And it won’t hurt to brush up on the best fishing brands in general – as the two will often go hand-in-hand when it comes to kayak fishing.
Understanding who’s who of the kayak fishing world can go a long way to making you a better kayak fisher in the first place.
Or, at the very least, it’ll make you sound like you know what you’re talking about.
Using the Right Kayak
While it is possible to fish from almost any kayak, if you want to do it safely and stand the best chance of success, it’s highly recommended you do so from the right kayak for the conditions and environment.
If you want to fish rivers, then it’s advisable to look into the best river fishing kayaks.
If you want to fish oceans or open, tidal waters, perhaps head over to check out the best ocean fishing kayaks.
If you’re not sure of the type of kayak you’re looking for, read this article on sit-in versus sit-on-top kayaks for fishing.
And head over to this review if you’re thinking about trying an inflatable fishing kayak as opposed to a hardshell.
Regardless of where you want to fish or the type of craft you’re in, a good fishing kayak is going to need several features and accessories to make things easier for you out on the water.
Rod holders are important for storing your poles when you’re on the move and using your paddle.
An elevated position in lawn-chair style seating will offer the best possible all-day comfort and field-of-view over the water.
Tank wells for carrying a good fishing cooler are recommended, as you’ll need somewhere to store your lunch/bait/catch/beer that’s close to hand.
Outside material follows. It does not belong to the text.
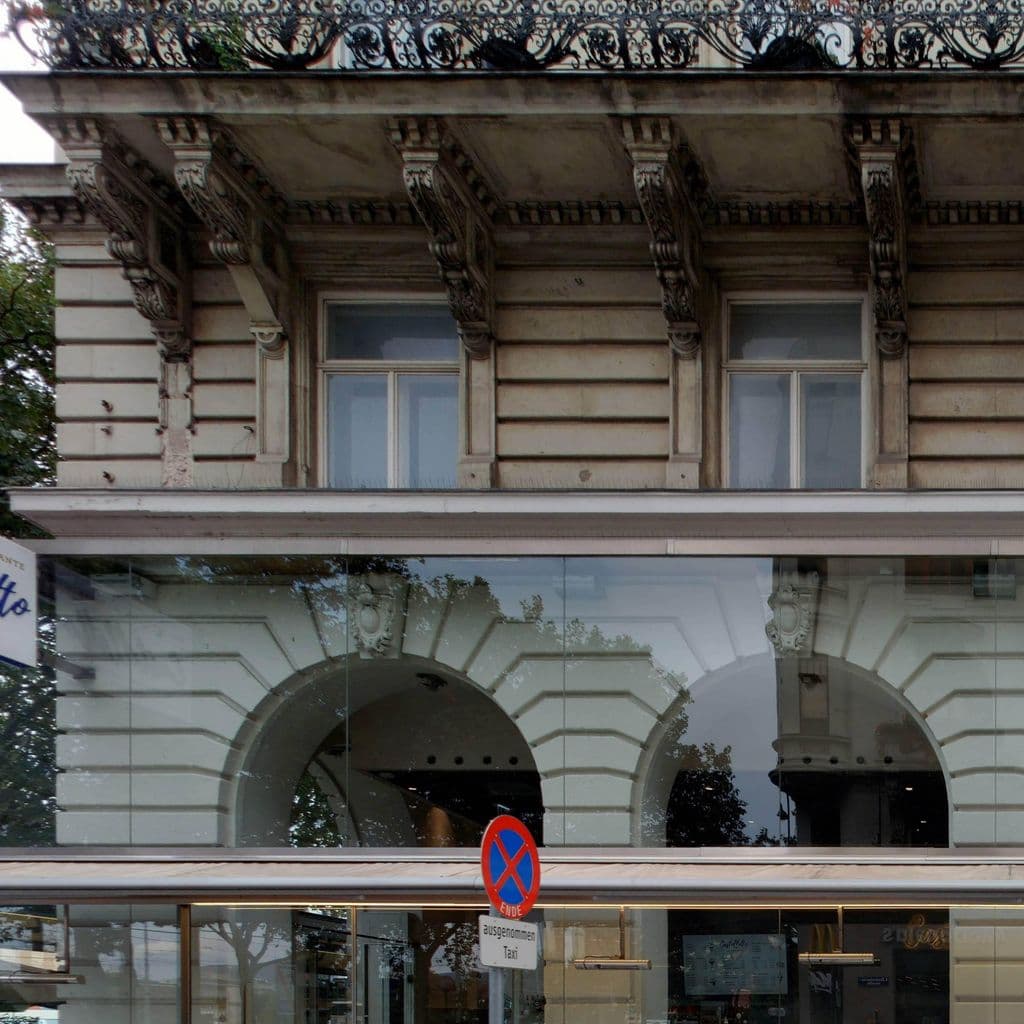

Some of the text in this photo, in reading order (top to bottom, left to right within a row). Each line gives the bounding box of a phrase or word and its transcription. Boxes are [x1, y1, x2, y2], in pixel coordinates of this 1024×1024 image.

[500, 902, 523, 917] ENDE
[483, 924, 536, 942] ausgenommen
[503, 945, 519, 960] Taxi
Other watertight storage hatches are also useful.
A good center console is recommended as this is likely where you’ll do most of your rigging. Underseat and side storage options are great for stashing compatible kayak fishing tackle boxes and keeping essentials to hand.
Rails and mounting systems are recommended if you want to add fish finders, GPS, sports cameras, flashlights, or other accessories – but they’re not essential if you’re just starting out.
A paddle park is essential on a fishing kayak – you need somewhere to safely store your paddle while you’re actually using your rods. The last thing you want is to watch it float away or sink to the bottom of the river.
If a kayak doesn’t come with one installed, you should seriously think about doing a spot of DIY and adding one yourself.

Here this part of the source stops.